Assignment: The required output is the line containing "this 1600×1200 image." followed by every later line through the end of the data, all reproduced exactly.

--- Extracted information ---

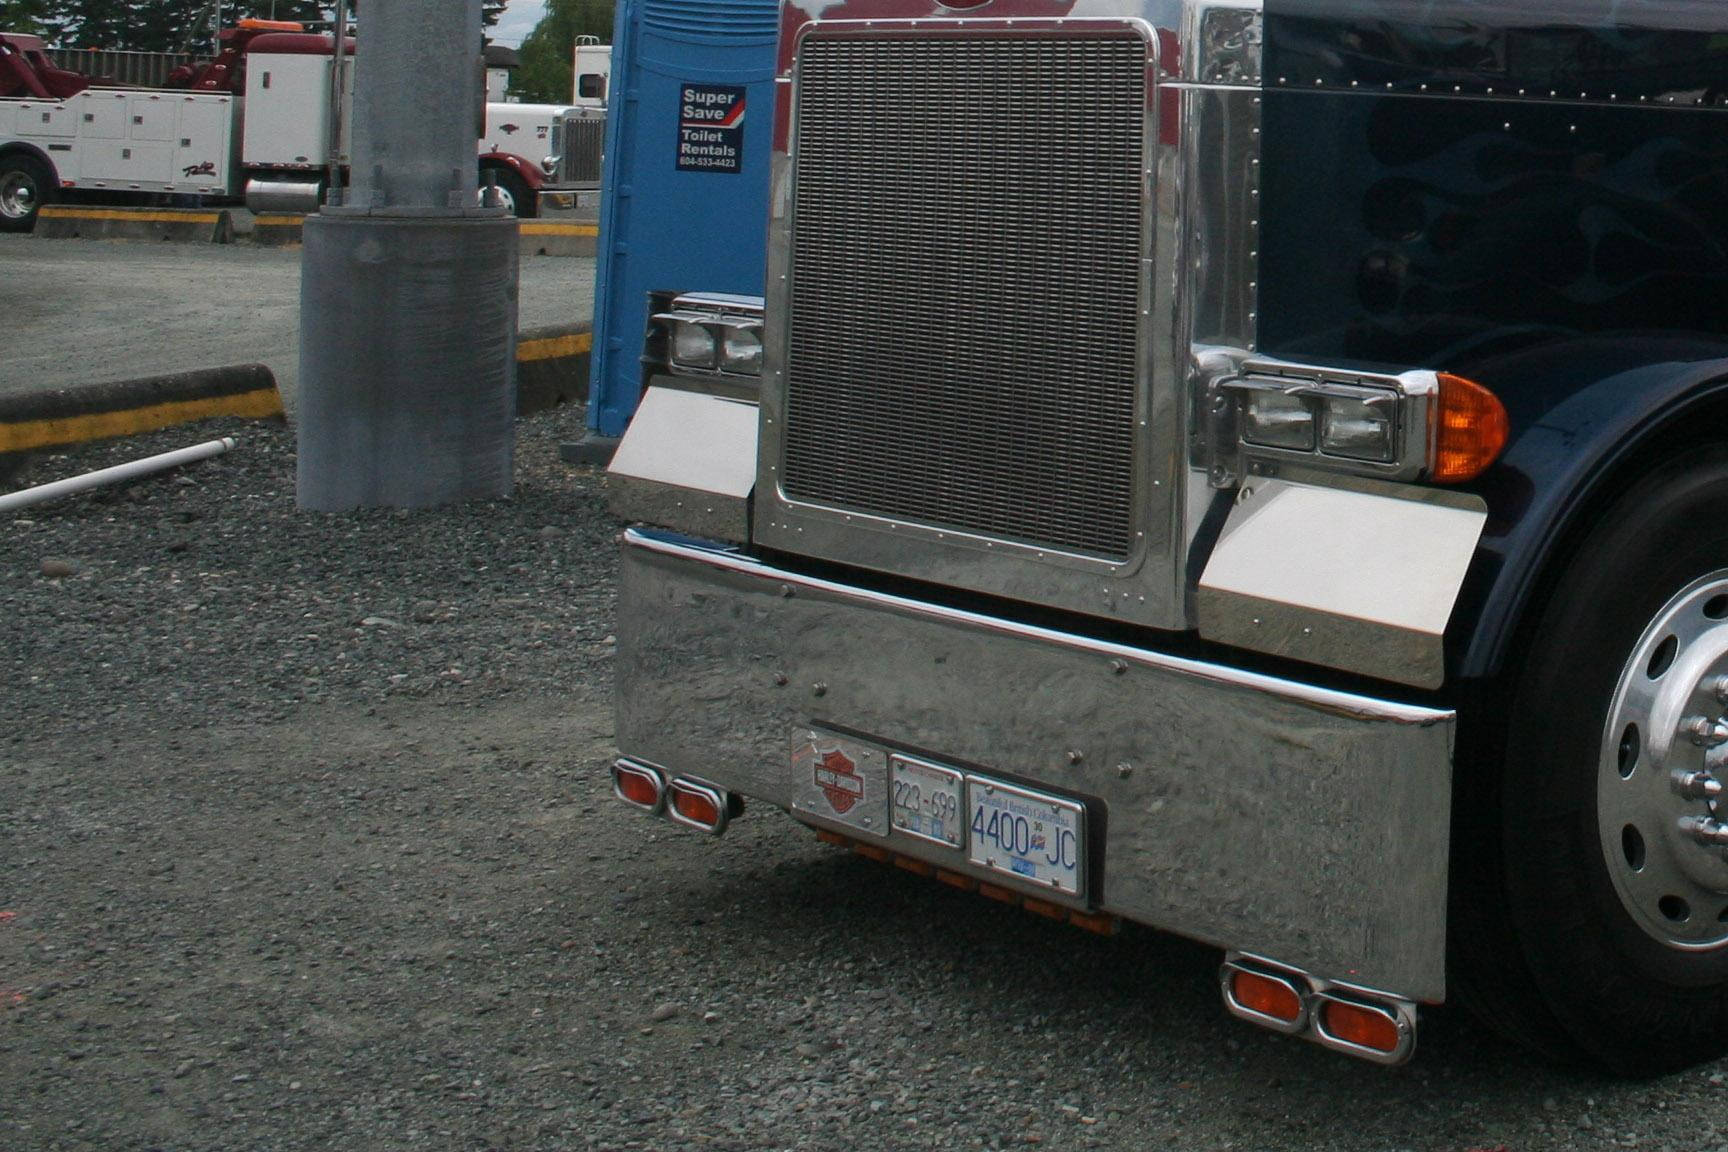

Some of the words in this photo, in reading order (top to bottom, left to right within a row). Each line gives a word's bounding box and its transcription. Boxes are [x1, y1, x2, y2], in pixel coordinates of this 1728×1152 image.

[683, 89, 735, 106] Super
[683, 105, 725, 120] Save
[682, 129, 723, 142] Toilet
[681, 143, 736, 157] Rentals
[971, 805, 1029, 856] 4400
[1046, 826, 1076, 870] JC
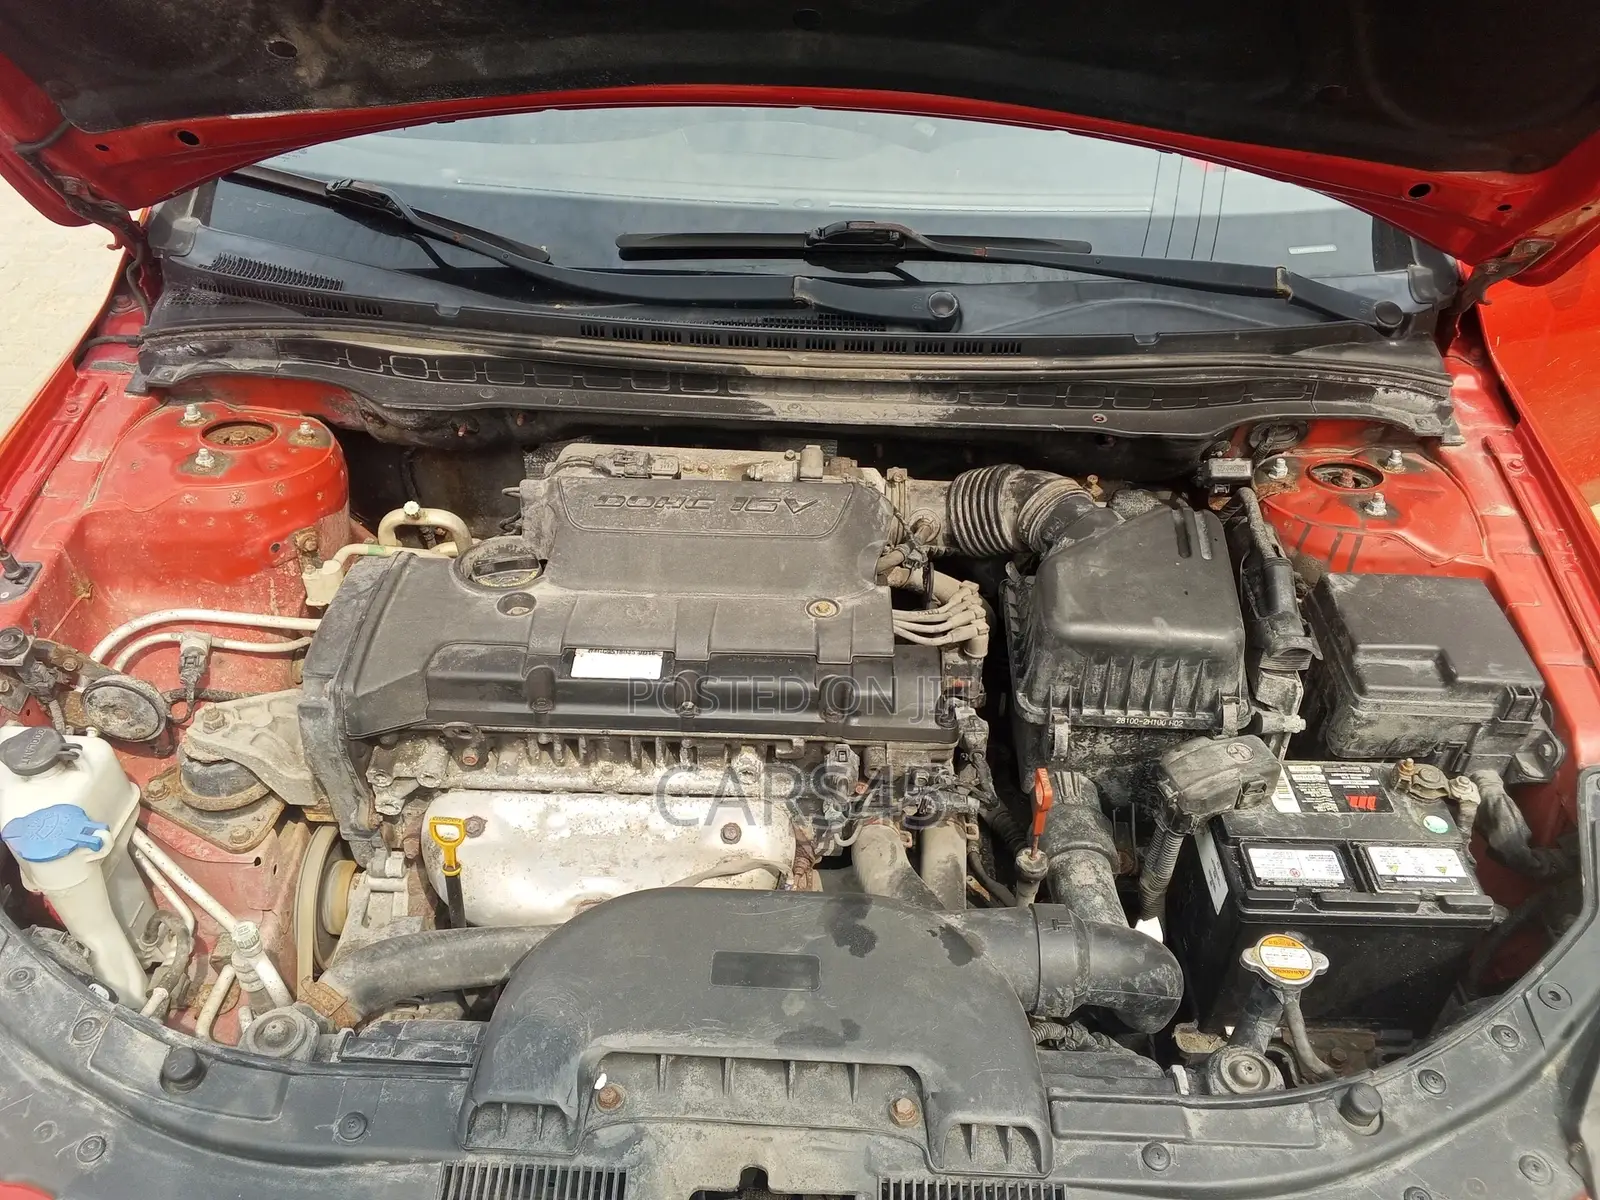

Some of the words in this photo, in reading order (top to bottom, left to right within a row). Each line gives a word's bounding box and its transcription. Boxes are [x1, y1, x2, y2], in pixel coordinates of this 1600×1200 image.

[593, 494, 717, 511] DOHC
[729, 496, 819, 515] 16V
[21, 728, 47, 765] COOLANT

---

Your solution:
Some of the words in this photo, in reading order (top to bottom, left to right within a row). Each line gives a word's bounding box and its transcription. Boxes are [x1, y1, x2, y2], in pixel coordinates of this 1600×1200 image.

[593, 494, 717, 511] DOHC
[729, 496, 819, 515] 16V
[21, 728, 47, 765] COOLANT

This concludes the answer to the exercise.